Donahue Pass, by Charles Weeden, is a work of philosophical nature writing, part trail narrative and part extended dialogue, in which two friends hike from Rush Creek over Donahue Pass while talking their way through Darwin, Descartes, Heidegger, pragmatism, interpretation, and what it means to live with purpose. The book moves between mountain description and conversation, using the climb itself as both setting and structure, so the switchbacks become a kind of thinking pattern as the two men test ideas, joke with each other, and slowly arrive at a rough synthesis about evolution, meaning, and interpretation.

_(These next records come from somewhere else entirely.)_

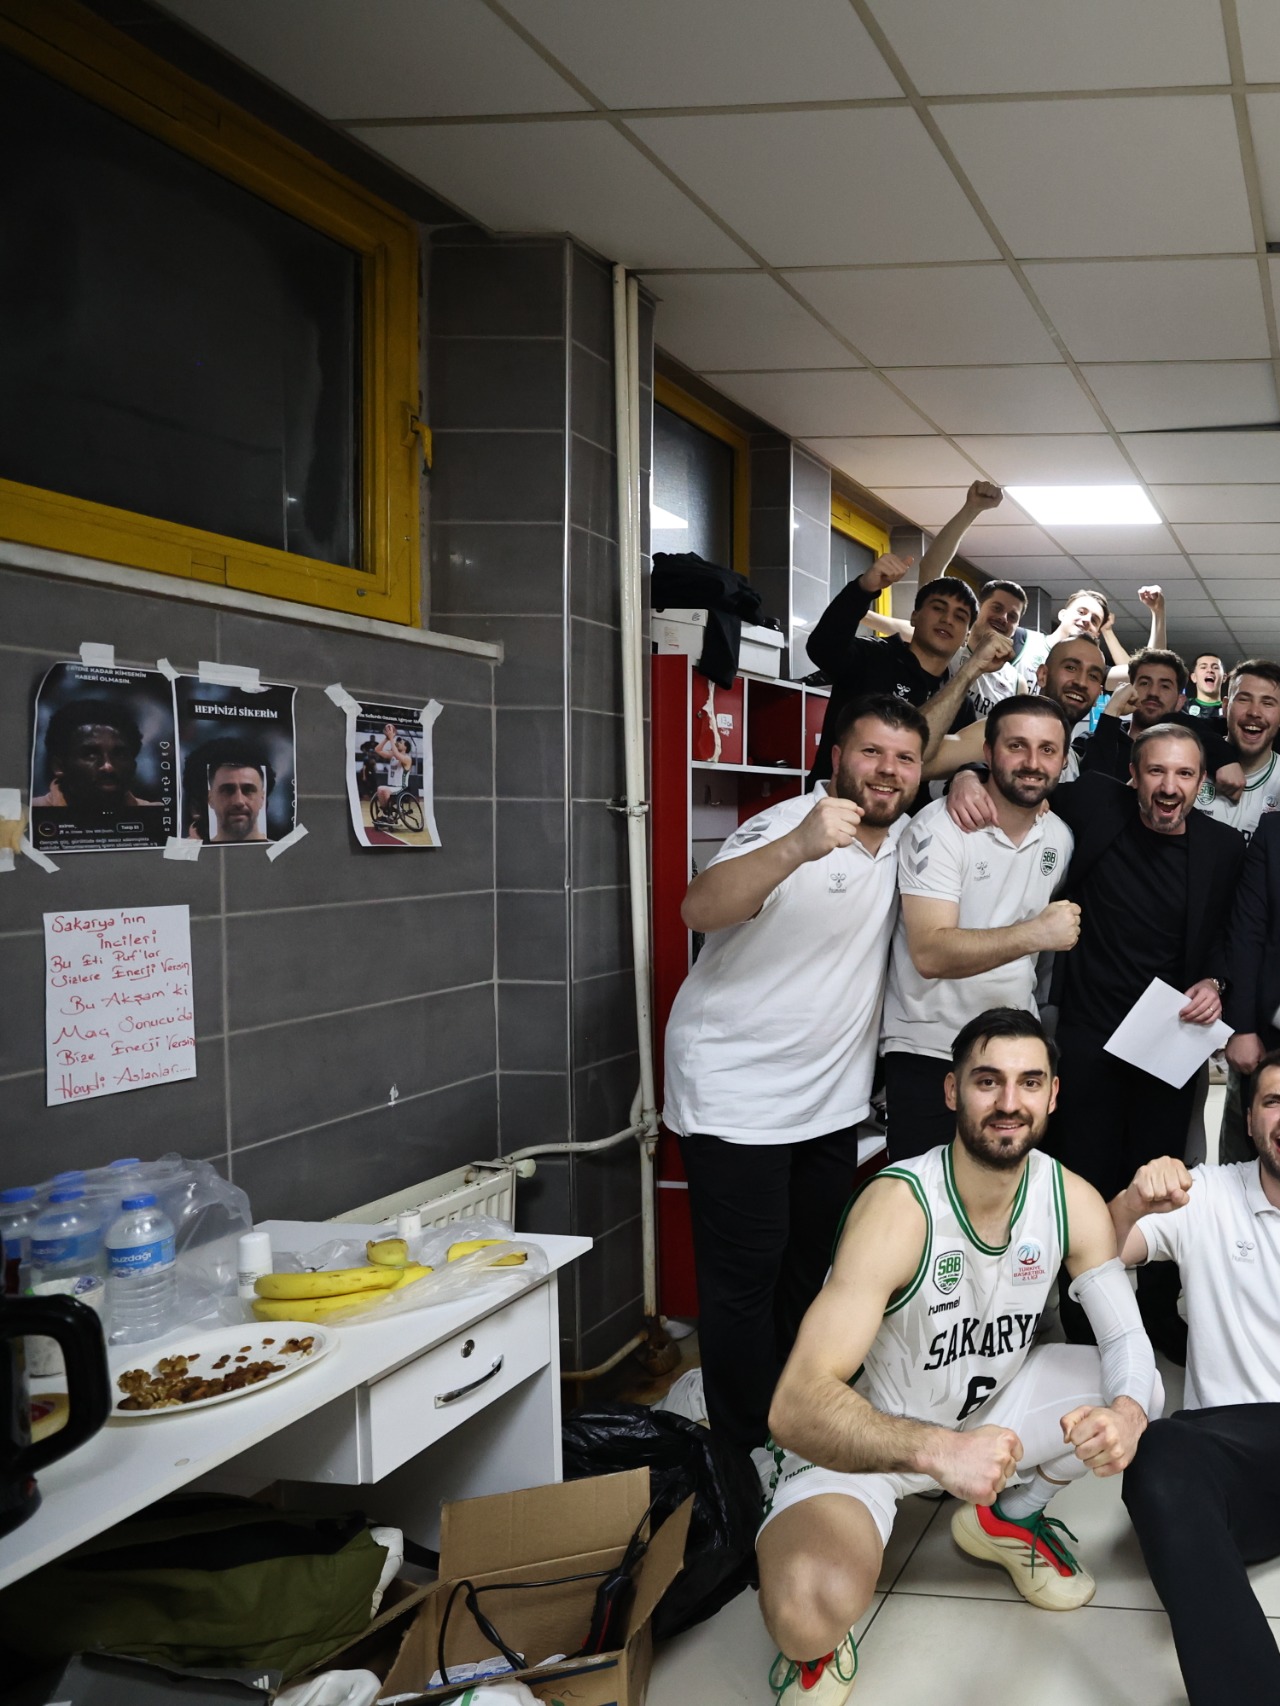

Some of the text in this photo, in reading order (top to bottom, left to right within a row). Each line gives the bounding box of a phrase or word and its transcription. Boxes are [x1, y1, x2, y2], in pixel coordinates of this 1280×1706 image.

[194, 704, 278, 719] HEPİNİZİ SİKERİM
[1042, 851, 1056, 864] SBB
[50, 955, 71, 973] Bu
[60, 995, 95, 1015] Bu
[56, 1049, 95, 1066] Bize
[55, 1071, 105, 1099] Haydi
[938, 1256, 961, 1276] SBB
[928, 1296, 961, 1316] hummel
[957, 1375, 997, 1421] 6

What I liked most is that the book never feels like it wants to lecture from a podium. It wants to walk beside you. That matters. The writing keeps returning to the body, to thirst, altitude, sore legs, a heavy pack, the small relief of water sitting in the mouth, and that physical strain gives the philosophical talk some grit. Without that, a lot of this could have floated away. Instead, the ideas stay tied to the trail. I also liked the friendship on the page. Mike’s sarcasm keeps puncturing John’s loftier turns, and that back and forth gives the book warmth and movement. It is often funny in a dry, relatable way. You can feel the book understanding that big ideas are easier to bear when somebody beside you is rolling their eyes.

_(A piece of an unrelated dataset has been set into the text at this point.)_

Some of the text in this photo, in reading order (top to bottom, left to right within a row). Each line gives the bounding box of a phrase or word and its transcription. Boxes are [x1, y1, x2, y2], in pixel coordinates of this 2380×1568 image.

I found the author’s ambitions more interesting than fully convincing, which is not a complaint. It is part of the book’s charm. Some stretches of the dialogue feel like a real conversation, and some feel more like a staged debate where each friend takes turns carrying a stack of books up the mountain. I did not mind that, exactly, but I noticed it. The book is strongest when the landscape and the thought are in balance, when a stream, a warbler, or the simple fact of climbing gives the philosophy something to push against. When it gets too deep into the argument, it can feel a little airless, which is maybe fitting for a book set above 10,000 feet. Still, I admired the reach. The author is braiding science and the humanities together and asks whether selection and interpretation are really separate ways of seeing the world.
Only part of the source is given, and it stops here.